The latter case is a sandwich structure. For example, a polyurethane foam used as a substrate may be provided with an open-pore layer of zinc alloy on one side thereof, which does not fully penetrate the substrate. The other side is also provided with a multilayer structure consisting of a zinc layer and an upper copper layer having a penetration depth that does not completely pass through the substrate. If the middle region of the polyurethane foam remains untreated, a three-component composite is obtained consisting of a zinc alloy metal foam, a substrate polyurethane and a zinc / copper metal foam. In accordance with the purpose of the present invention, the properties of each of the above components (eg, substrate / zinc layer / copper layer) can be controlled in the processed sandwich. For example, soft PU foams with rigid “shells” of metal can be made. Thus, if the surface is provided with an optimal optical design at the same time, it becomes possible to adjust, for example, specific damping properties or bending strength.

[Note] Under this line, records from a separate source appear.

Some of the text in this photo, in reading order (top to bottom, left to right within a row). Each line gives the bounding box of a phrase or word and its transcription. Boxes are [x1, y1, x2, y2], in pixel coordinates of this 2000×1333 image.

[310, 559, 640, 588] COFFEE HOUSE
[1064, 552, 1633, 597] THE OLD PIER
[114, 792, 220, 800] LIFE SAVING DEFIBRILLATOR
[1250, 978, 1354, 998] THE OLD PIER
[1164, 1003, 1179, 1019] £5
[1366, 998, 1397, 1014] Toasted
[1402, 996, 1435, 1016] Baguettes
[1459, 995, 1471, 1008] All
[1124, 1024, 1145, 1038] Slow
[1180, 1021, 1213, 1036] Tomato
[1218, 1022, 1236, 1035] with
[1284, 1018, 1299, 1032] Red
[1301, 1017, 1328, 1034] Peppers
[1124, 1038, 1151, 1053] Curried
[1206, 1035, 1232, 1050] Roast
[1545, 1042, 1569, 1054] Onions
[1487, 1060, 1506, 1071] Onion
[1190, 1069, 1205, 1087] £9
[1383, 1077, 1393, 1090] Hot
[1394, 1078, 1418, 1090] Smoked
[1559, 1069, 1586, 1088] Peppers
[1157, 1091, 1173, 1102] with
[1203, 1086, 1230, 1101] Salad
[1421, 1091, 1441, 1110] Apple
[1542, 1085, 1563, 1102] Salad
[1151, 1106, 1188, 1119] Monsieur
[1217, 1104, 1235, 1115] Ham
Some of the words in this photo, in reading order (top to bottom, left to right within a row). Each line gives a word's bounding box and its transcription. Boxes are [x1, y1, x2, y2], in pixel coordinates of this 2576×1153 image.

For example, the metal foams according to the invention are particularly suitable for lightweight structures, engine structures, automotive engineering, chemical industry, medical engineering, electrical engineering, i.e. in all fields where a rigid or rigid material is still important at reduced weight. Basically it can be employed. Thus, the metal foams according to the invention are, for example, insulating boards, coverings, sound protection, building elements for electromagnetic shielding, vibration damping, crash absorbers, filters , Catalysts, battery elements and / or semiconductors.

It is also possible to obtain multilayer structures by spraying with different materials. It is also possible to apply different materials in parallel.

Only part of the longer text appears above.